Supplementary feeding for declining hedgehog Erinaceus europaeus populations is popular in Great Britain and has been suggested as an important factor in explaining higher densities in urban areas compared with rural ones. Occupancy modelling was used to test whether spatial variation in supplementary feeding, natural food, habitat, or predator presence best explained patterns of hedgehog occupancy and diel activity. Supplementary food and urban habitats had a strong effect on hedgehog occupancy and detection, with all supplementary feeding sites recording hedgehog presence. Natural prey availability and the presence of predators was relatively higher in rural areas, and although the top-ranked occupancy models (AIC < 2) contained natural food and predator covariates, the strength of these relationships was negative and non-significant. This suggests local hedgehog site use is influenced by access to artificial supplementary feeding in urban areas. There was no significant difference in diel activity overlap between rural, urban, and urban feeding sites, but peaks in activity early in the activity period suggest preferential access to feeding site by hedgehogs compared with later in the evening. This is the first study to show the importance of supplementary feeding as a covariate of hedgehog occupancy in relation to natural food availability, and we recommend that future studies quantify supplementary feeding in population and distribution studies of urban mammals.
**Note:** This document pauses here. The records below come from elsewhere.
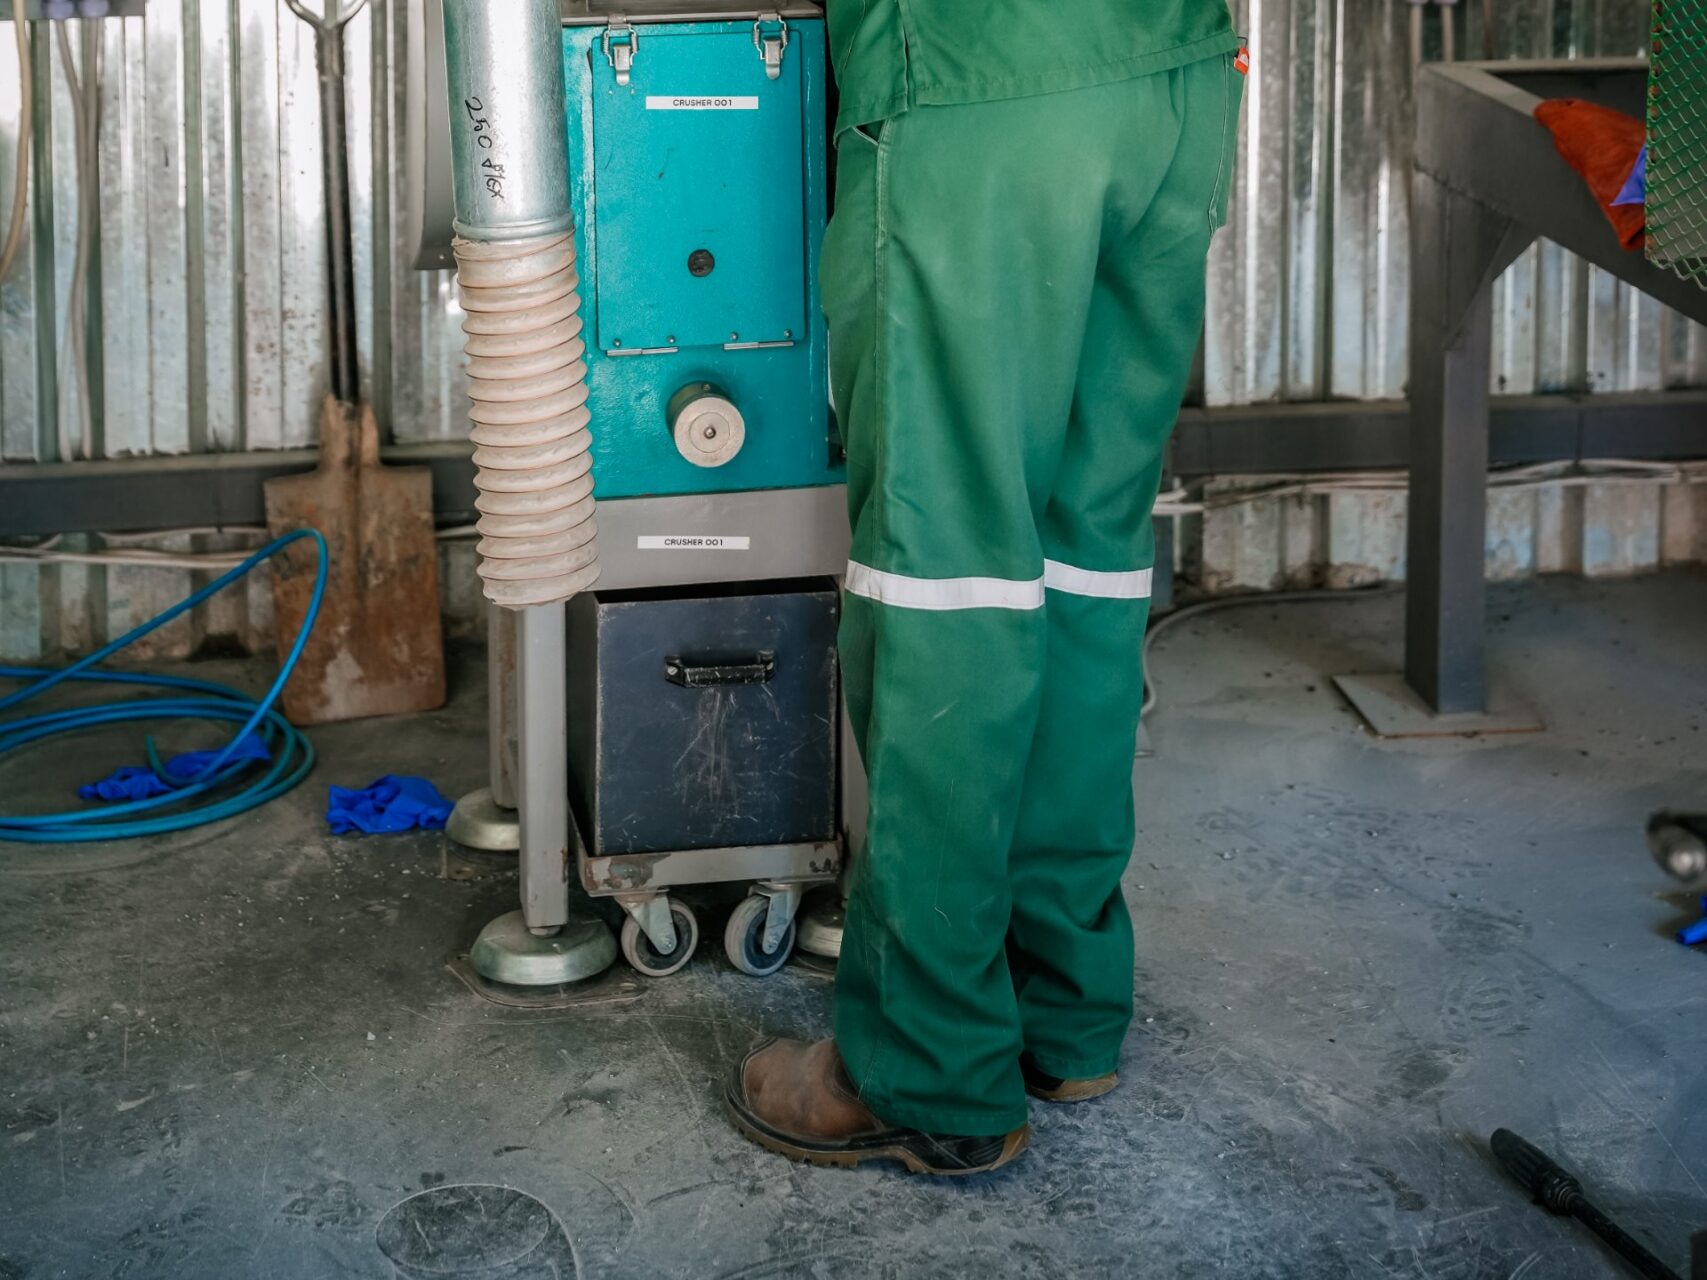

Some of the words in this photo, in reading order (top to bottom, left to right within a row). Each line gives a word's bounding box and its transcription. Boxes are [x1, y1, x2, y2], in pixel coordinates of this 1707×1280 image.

[672, 99, 712, 107] CRUSHER
[714, 99, 732, 107] 001
[464, 96, 493, 149] 250
[664, 538, 703, 546] CRUSHER
[705, 538, 723, 546] 001
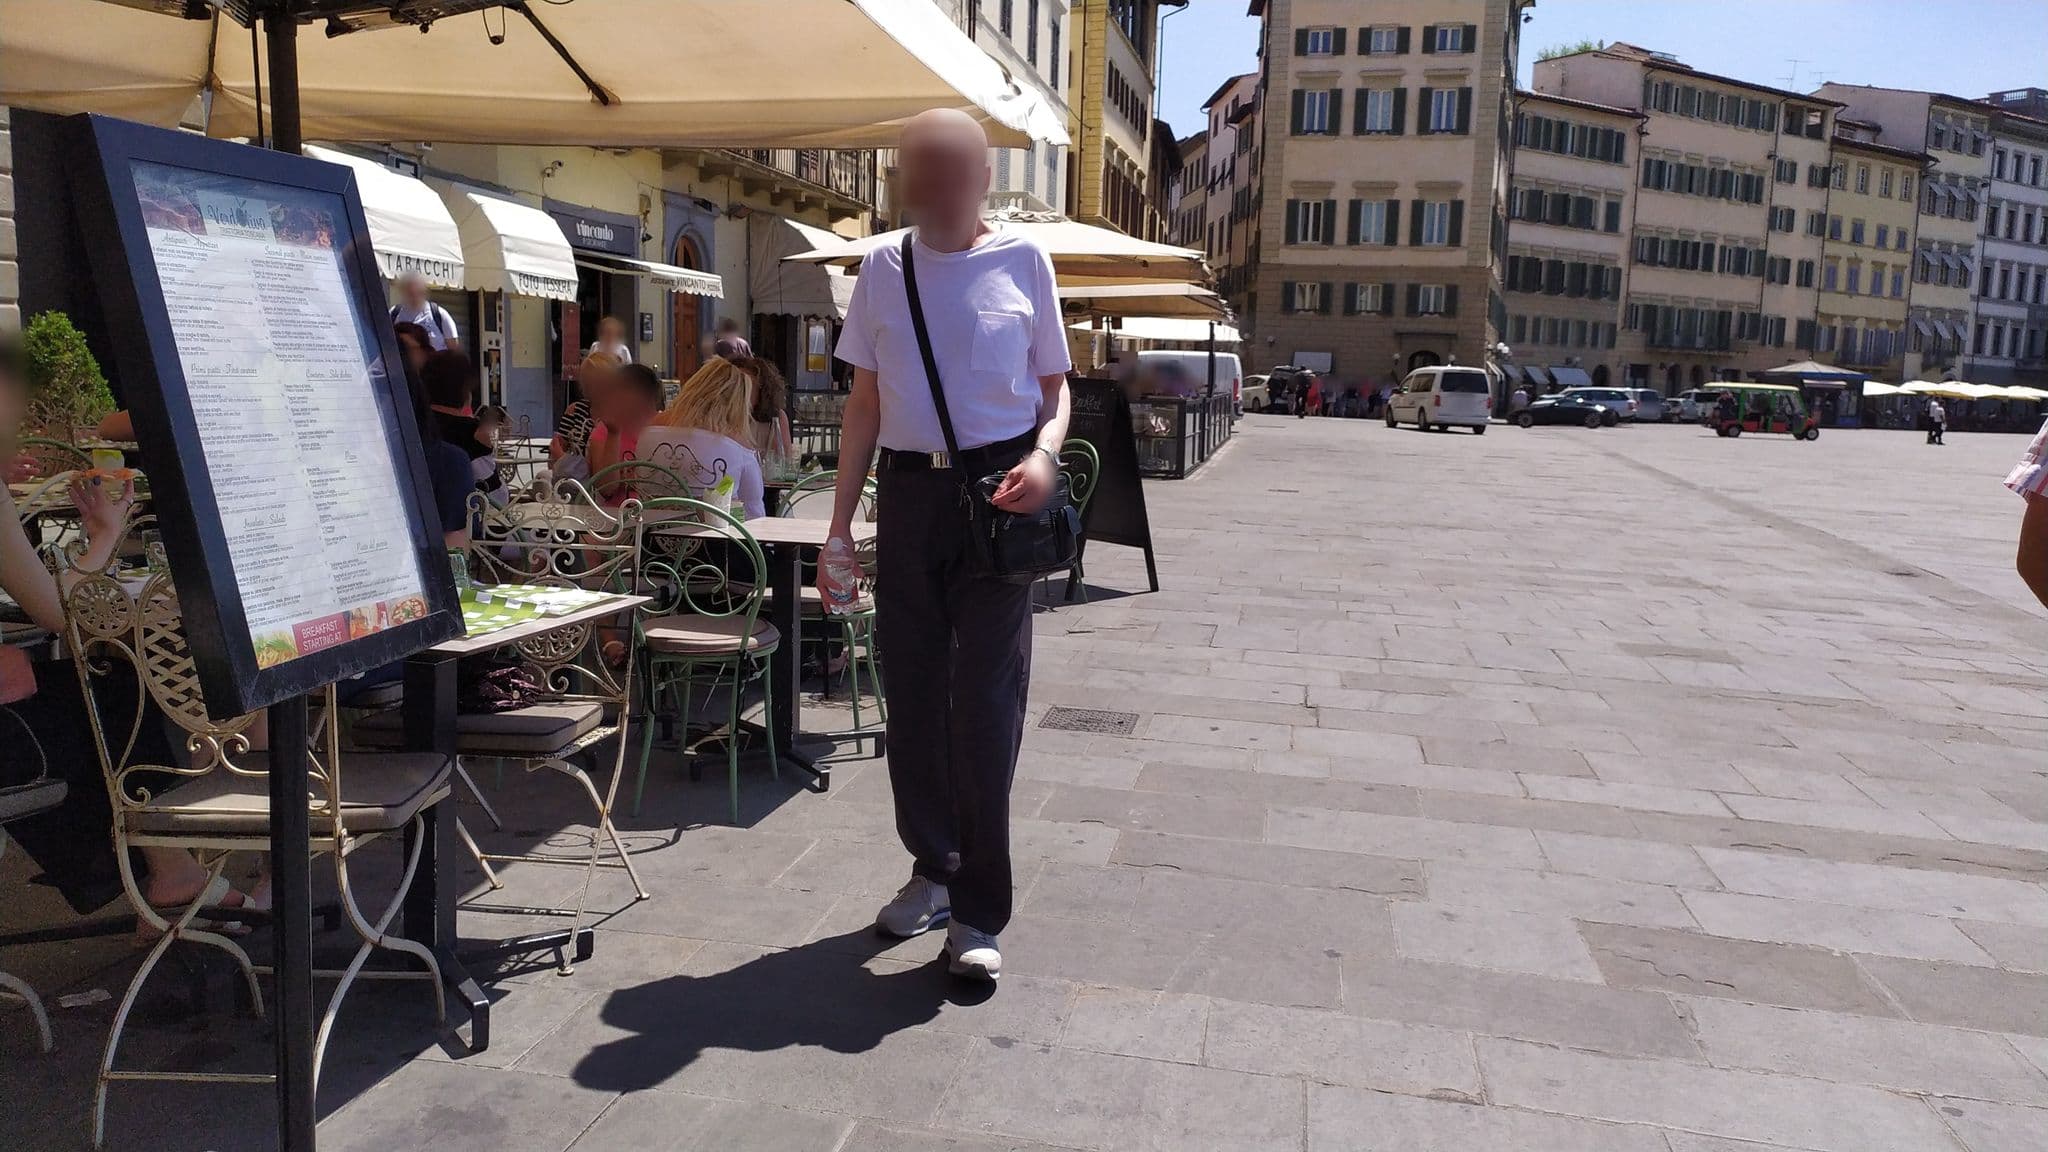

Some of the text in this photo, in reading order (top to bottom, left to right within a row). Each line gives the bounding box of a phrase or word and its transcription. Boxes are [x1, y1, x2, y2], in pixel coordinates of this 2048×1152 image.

[385, 253, 455, 280] TABACCHI
[518, 272, 572, 294] FOTO TESSERA
[675, 276, 706, 290] VINCANTO
[301, 620, 339, 639] BREAKFAST
[303, 632, 342, 651] STARTING AT
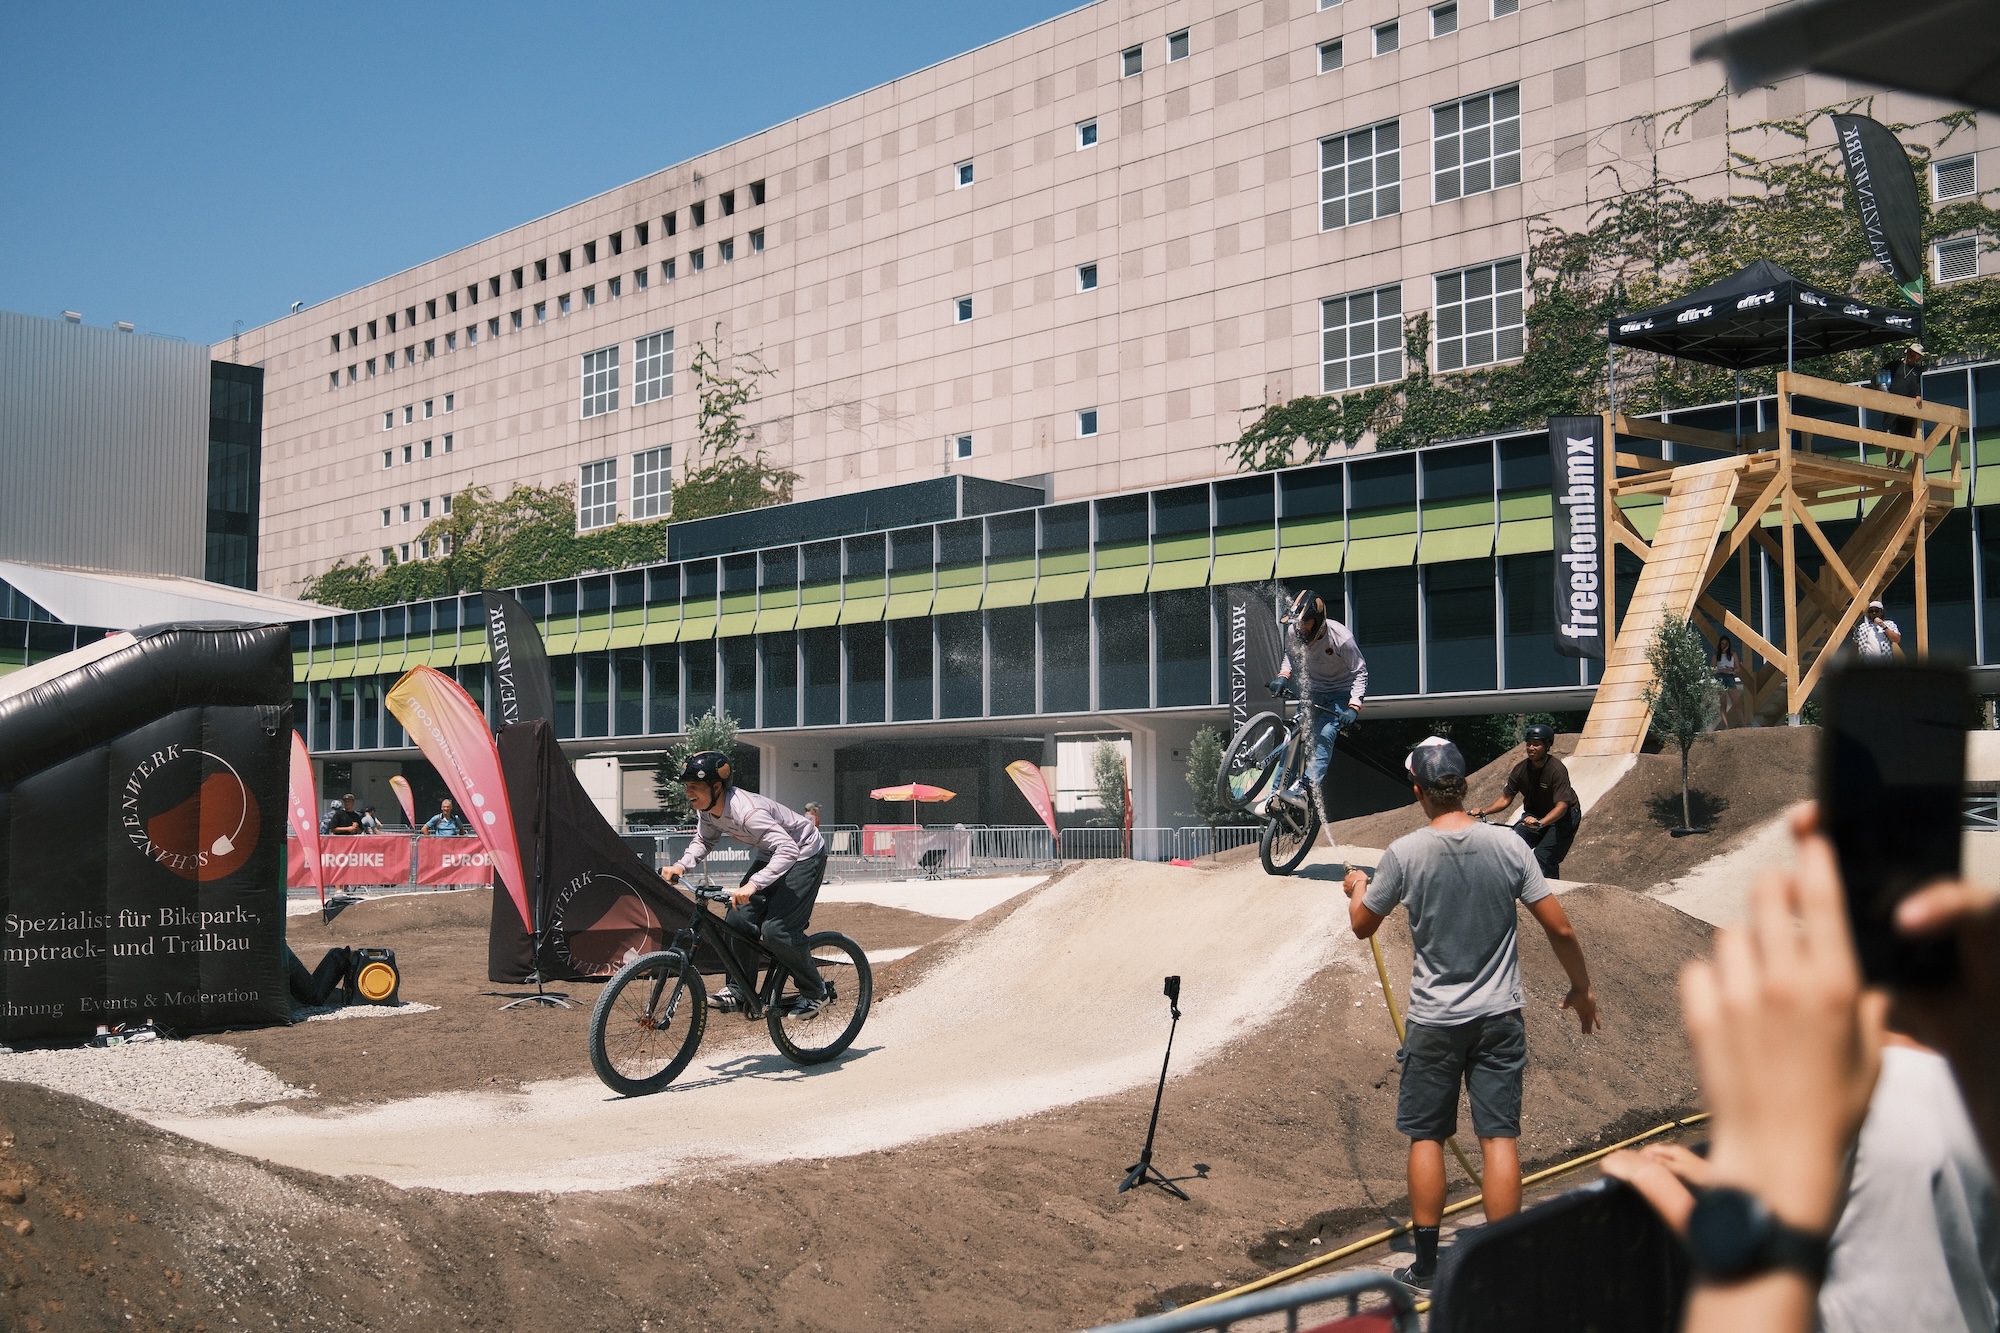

Item Type: Journal article
Publication Title: Wildlife Biology
Creators: Benjamin, E.S., Bates, A., Davis, R., Sévêque, A., Wild, J., Clutterbuck, B. and Yarnell, R.W.
Publisher: Wiley
Date: 26 October 2025
ISSN: 0909-6396
Identifiers:
Number
Type
10.1002/wlb3.01500
DOI
2521833
Other
Rights: © 2025 The Author(s). Wildlife Biology published by John Wiley & Sons Ltd on behalf of Nordic Society Oikos. This is an open access article under the terms of the Creative Commons Attribution License, which permits use, distribution and reproduction in any medium, provided the original work is properly cited.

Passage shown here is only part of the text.